Signs of the impending big-bad-BDS event were non-existent (although I did see Alan Dershowitz’s punim staring me in the face on multiple locations). And while PennBDS organizers were busy working themselves into an indignant snit over one less-than-elegant article responding to their event (such faux outrage serving as an excuse to continue pretending that other and stronger arguments against their cause do not exist), other people have been busy on the U Penn campus as well.
I mentioned Dersowitz who was invited by the local Jewish community to speak on the subject of “Why Israel Matters to You, Me and Penn” (although I suspect he’ll work a few words on what he thinks about the BDS “movement” into his talk). And, at last count, over 900 people have signed up to attend the event. On the surface, this seems like just three times the number of people who will be going to PennBDS, but when you realize that the number of actual Penn students involved with and attending the BDS program is between two and three dozen, you’re looking at a pro-Israel to anti-Israel campus attendance ratio of closer to 30:1.
And the response to PennBDS doesn’t stop there. Just as the Somerville divestment battles of 2004-2006 created a Zionist enclave alongside Boston and Cambridge, leaving no other BDS footprints beyond the city (except, perhaps, this blog), so to PennBDS seems to have kicked off a Zionist renaissance on campus.
The school’s administration, which has always been supportive of its relationship the Jewish state, was given the opportunity to speak out on the value of that relationship and to look at ways to strengthen and extend it.
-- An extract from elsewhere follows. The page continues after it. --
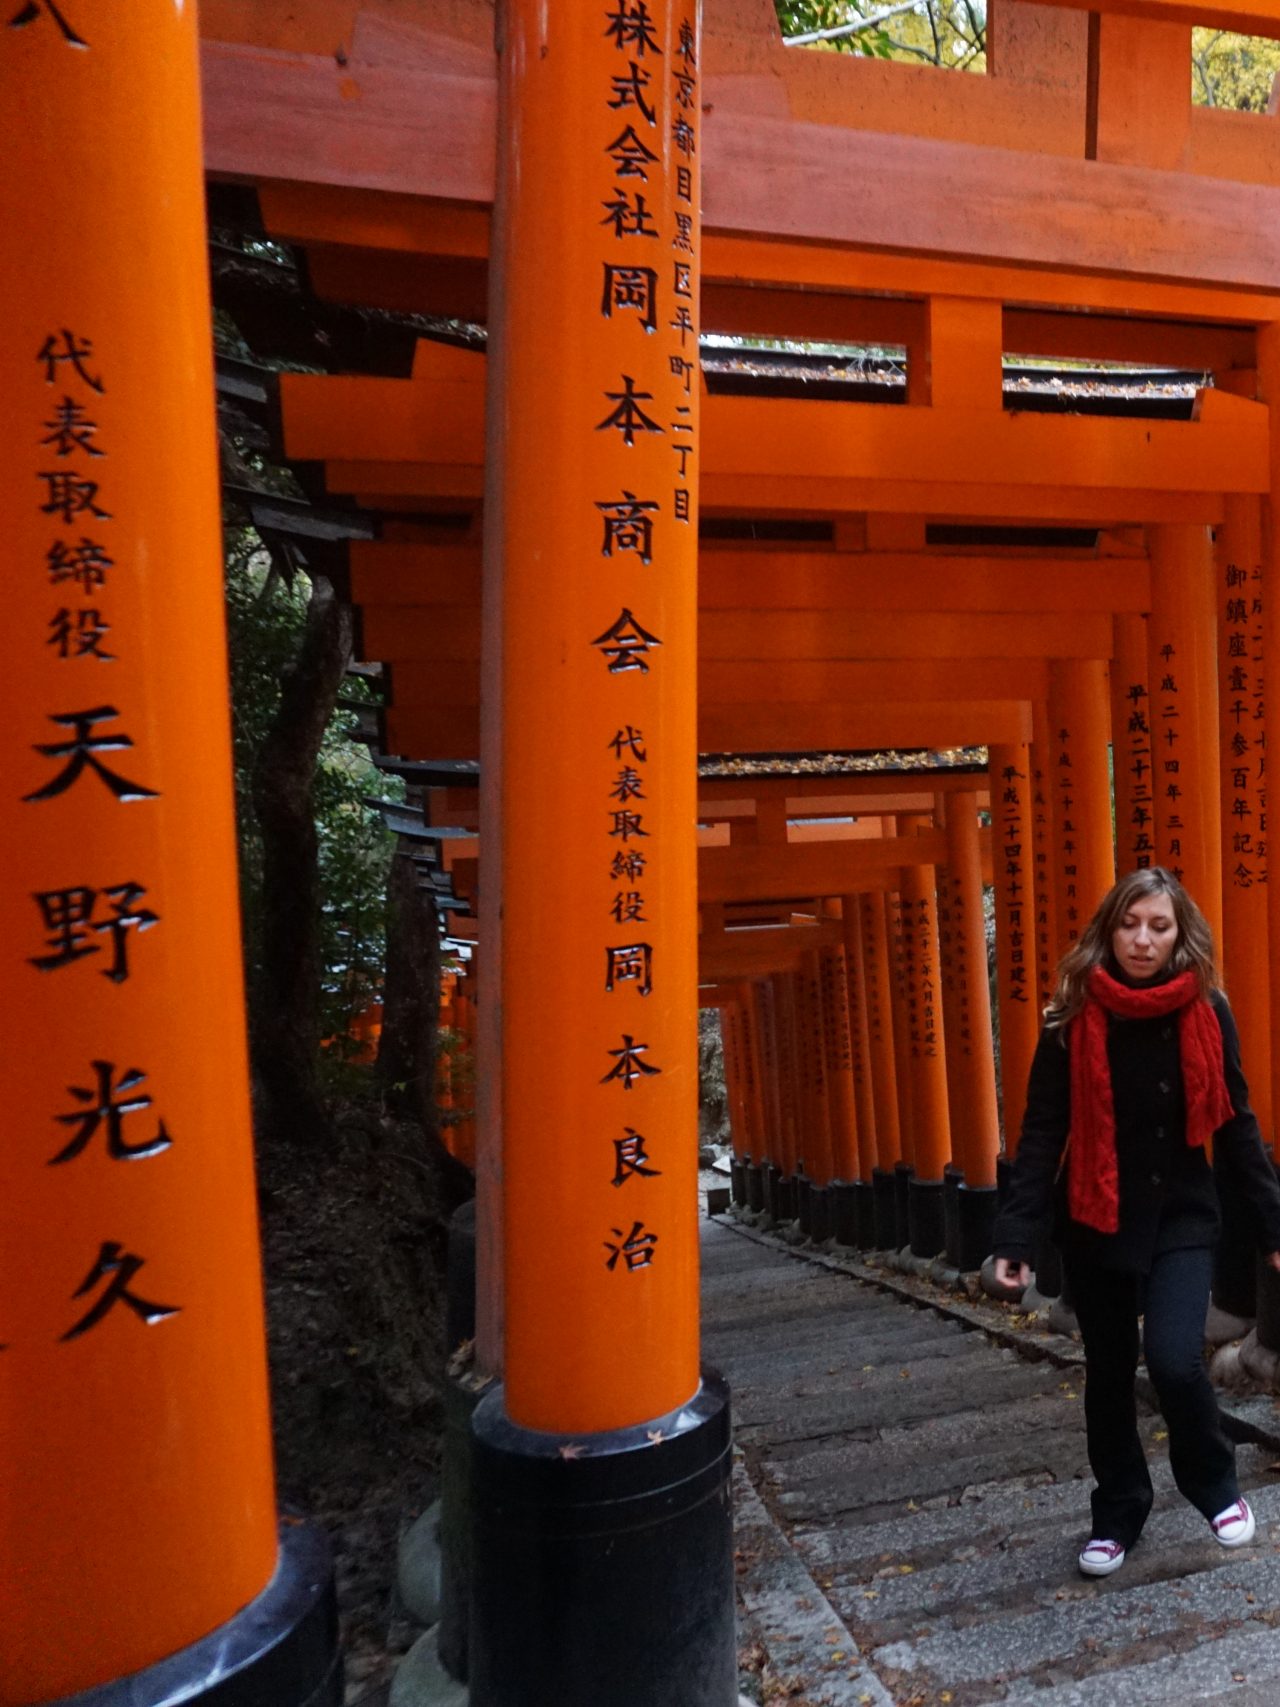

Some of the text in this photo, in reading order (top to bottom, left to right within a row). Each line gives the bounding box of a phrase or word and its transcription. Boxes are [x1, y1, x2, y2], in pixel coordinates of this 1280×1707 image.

Jewish students who might have put their energies into other religious or secular extra-curriculars are instead raising funds Penn-Israel programs, talking to their friends about the real Israel (not the wicked witch Israel of BDS fairy tales) and marching en mass to buy out the very products the BDSers insisted be boycotted.
All in all, not a bad set of outcomes for a three-day event that has yet to happen. Oh sure, I know that the attendees of the PennBDS event come from a number of campuses, and they are likely to take what they learn this weekend and use it to try to gin up enthusiasm for boycott and divestment campaigns when they get back home. But it’s not like anything new is going on. In fact, such campaigns have been a cornerstone of campus life for more than a decade and today Israel’s relationship with American colleges and universities (like its economy and popularity among the US population) are stronger than they’ve ever been.
With that as backdrop, it’s time to take care of some housekeeping.
First, here is an editorial I was lucky to have been given the opportunity to pen for the Philadelphia Jewish exponent. While this will no doubt be used by BDS proponents as more evidence of their wild success (Look! Someone else is criticizing us! We must be powerful!), the fact that the PennBDSers have done everything in their power to avoid acknowledging (much less confronting) a month-long effort to take on their arguments just demonstrates that they are willing to do everything for their cause except defend it. In short, as my editorial makes clear: the big news story about PennBDS specifically is the same decade-old news story about BDS in general, that it’s a L-O-S-E-R.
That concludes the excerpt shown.